# [WHAT IS BEING ASKED]
Every record below is to be restated verbatim, though its images are not.

# [Spatial localization data]

##########

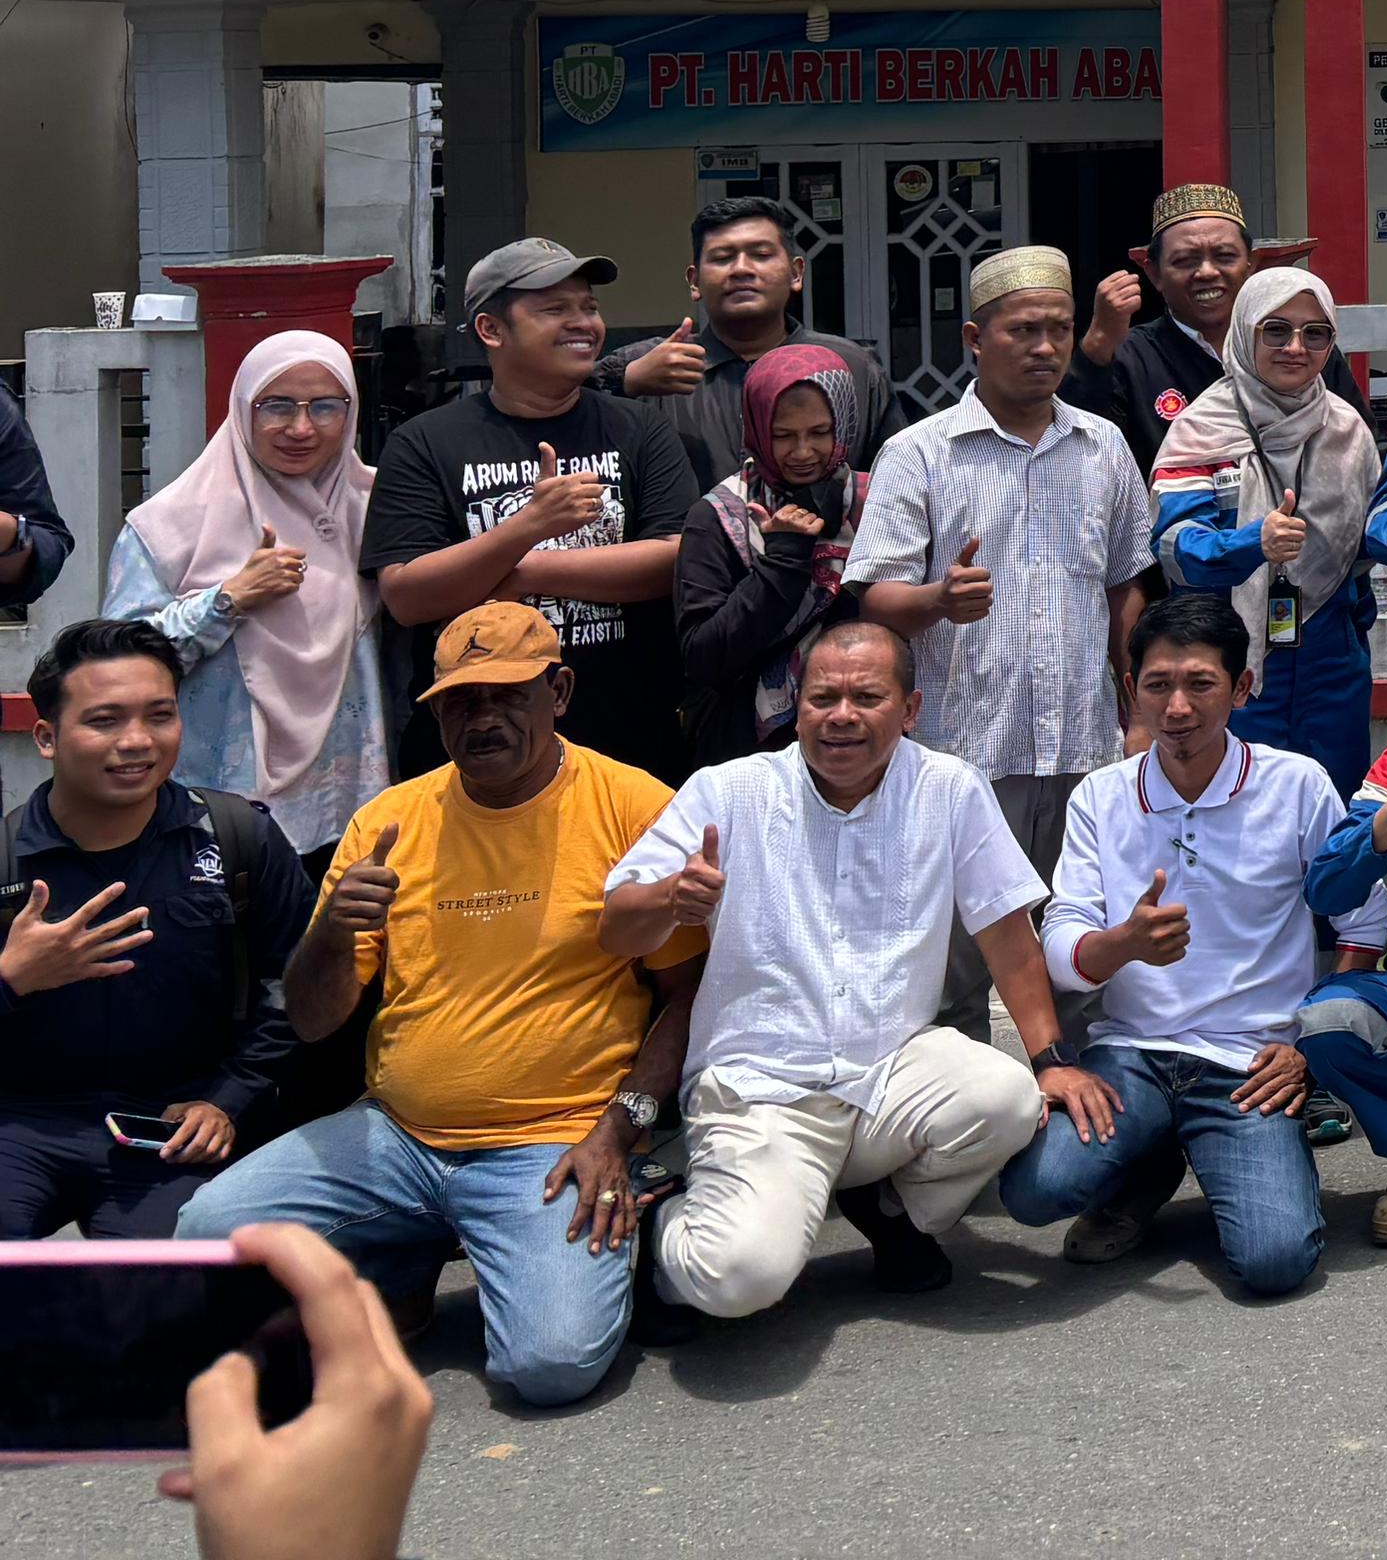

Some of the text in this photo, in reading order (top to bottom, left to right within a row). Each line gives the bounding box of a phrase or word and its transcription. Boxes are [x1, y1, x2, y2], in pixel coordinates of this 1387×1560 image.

[580, 45, 597, 56] PT
[648, 47, 1163, 108] PT. HARTI BERKAH ABA
[462, 461, 518, 495] ARUM
[572, 621, 612, 648] EXIST
[437, 890, 541, 911] STREET STYLE
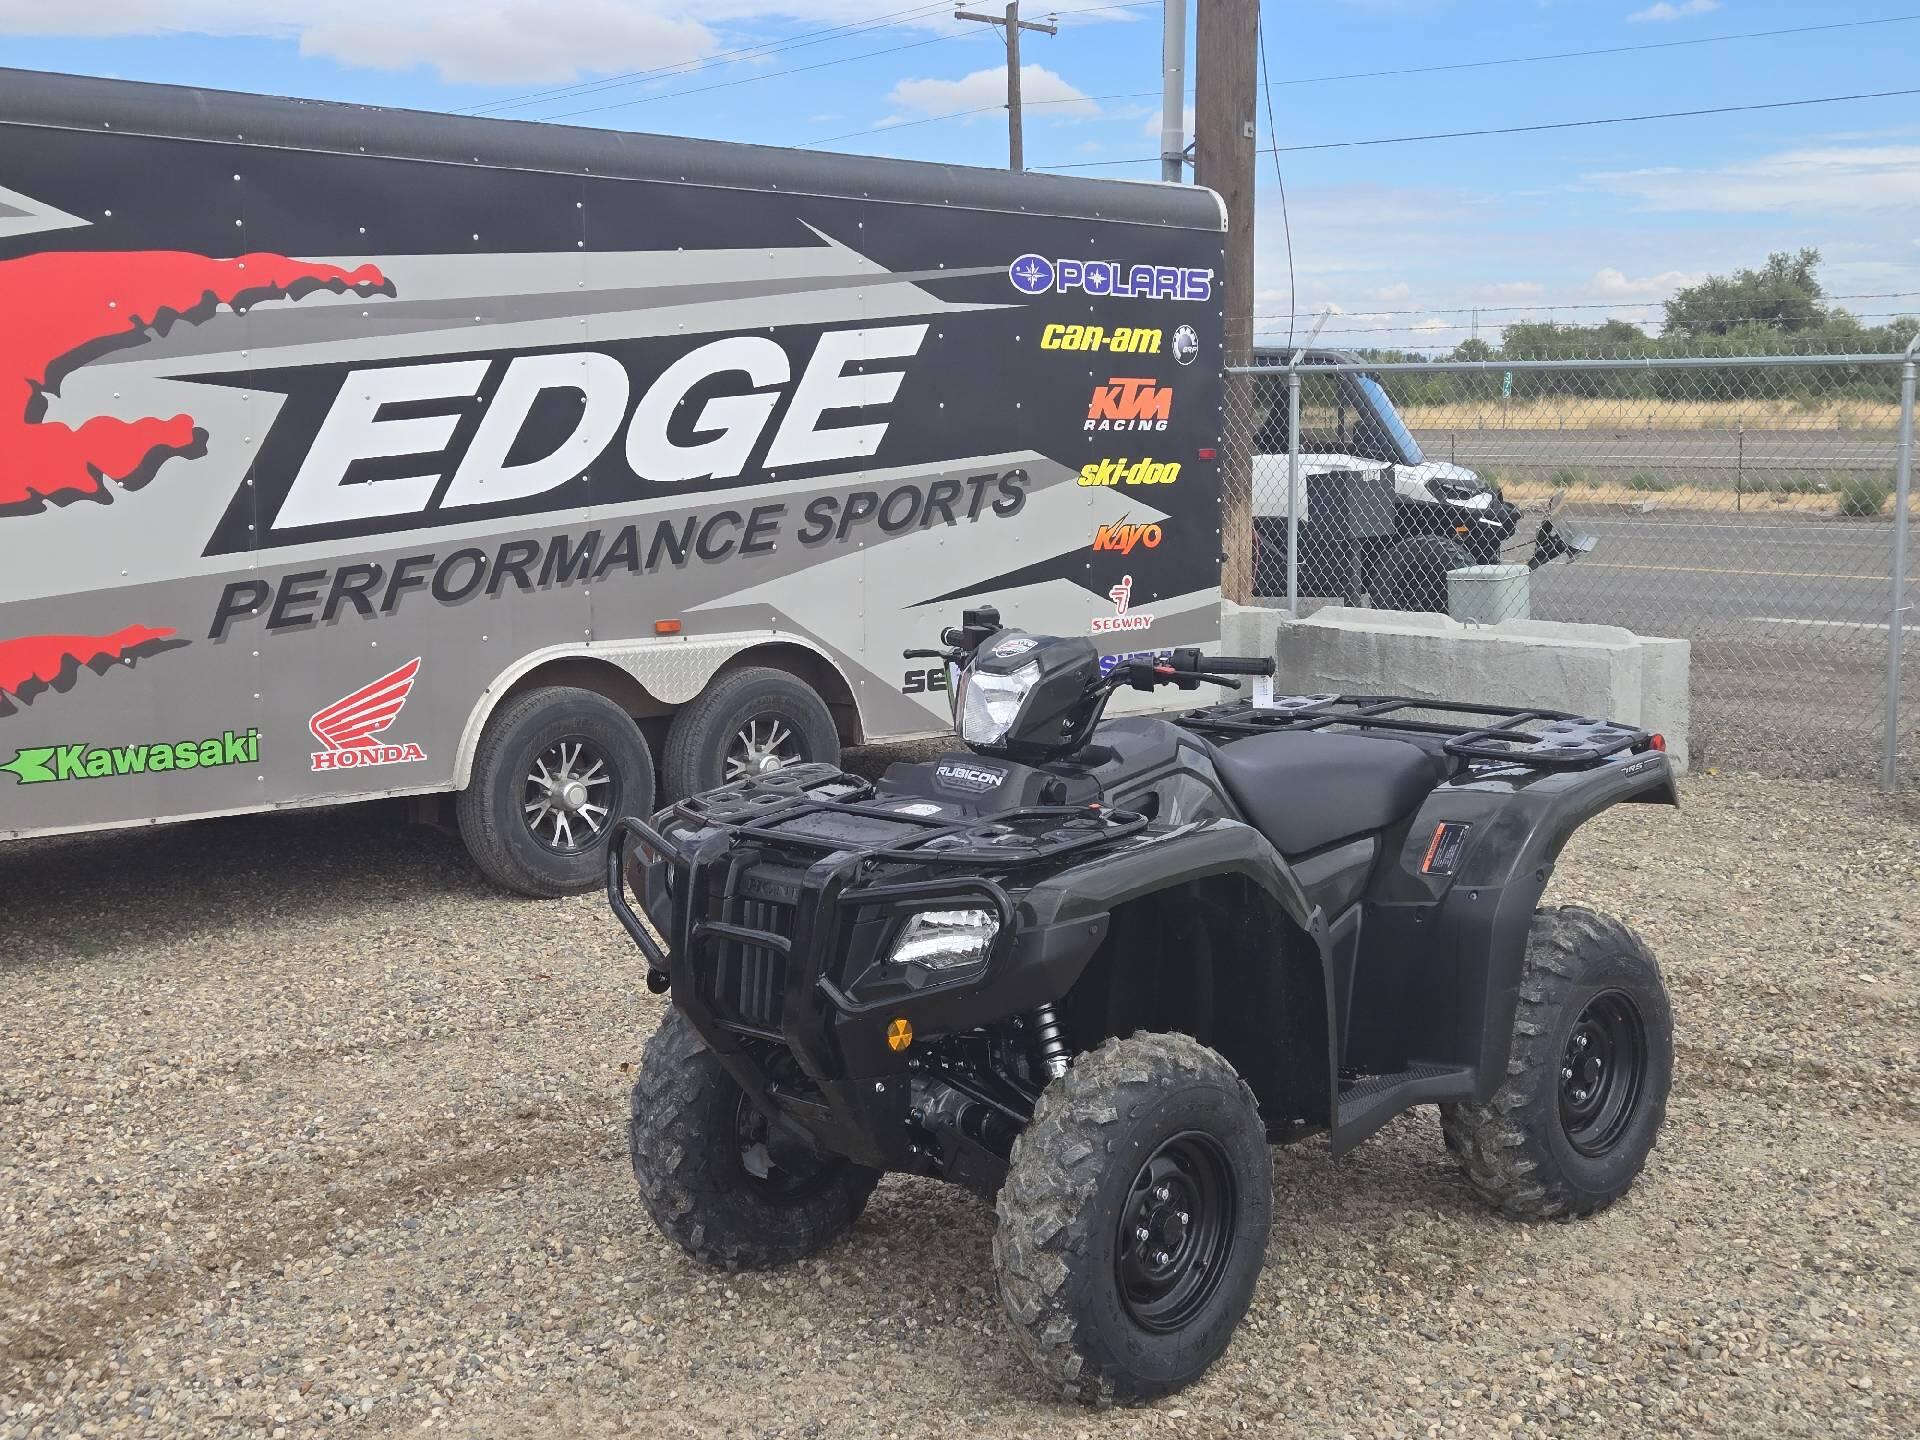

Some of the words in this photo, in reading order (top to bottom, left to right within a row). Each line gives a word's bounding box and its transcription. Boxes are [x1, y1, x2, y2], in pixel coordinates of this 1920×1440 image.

[1056, 259, 1213, 301] POLARIS
[1087, 377, 1173, 420] KTM
[270, 324, 930, 530] EDGE
[1083, 419, 1169, 431] RACING
[1077, 458, 1182, 487] ski-doo
[208, 503, 788, 641] PERFORMANCE
[798, 468, 1029, 545] SPORTS
[1093, 513, 1163, 555] KAYO
[1092, 616, 1153, 631] SEGWAY
[56, 727, 260, 781] Kawasaki
[310, 742, 428, 771] HONDA
[935, 766, 1003, 786] RUBICON

##########

# [OUTPUT]
Some of the text in this photo, in reading order (top to bottom, left to right within a row). Each line gives the bounding box of a phrase or word and its transcription. Boxes are [x1, y1, x2, y2], in pixel coordinates of this 1387×1560 image.

[580, 45, 597, 56] PT
[648, 47, 1163, 108] PT. HARTI BERKAH ABA
[462, 461, 518, 495] ARUM
[572, 621, 612, 648] EXIST
[437, 890, 541, 911] STREET STYLE

Some of the words in this photo, in reading order (top to bottom, left to right within a row). Each line gives a word's bounding box and its transcription. Boxes are [x1, y1, x2, y2], in pixel coordinates of this 1920×1440 image.

[1056, 259, 1213, 301] POLARIS
[1087, 377, 1173, 420] KTM
[270, 324, 930, 530] EDGE
[1083, 419, 1169, 431] RACING
[1077, 458, 1182, 487] ski-doo
[208, 503, 788, 641] PERFORMANCE
[798, 468, 1029, 545] SPORTS
[1093, 513, 1163, 555] KAYO
[1092, 616, 1153, 631] SEGWAY
[56, 727, 260, 781] Kawasaki
[310, 742, 428, 771] HONDA
[935, 766, 1003, 786] RUBICON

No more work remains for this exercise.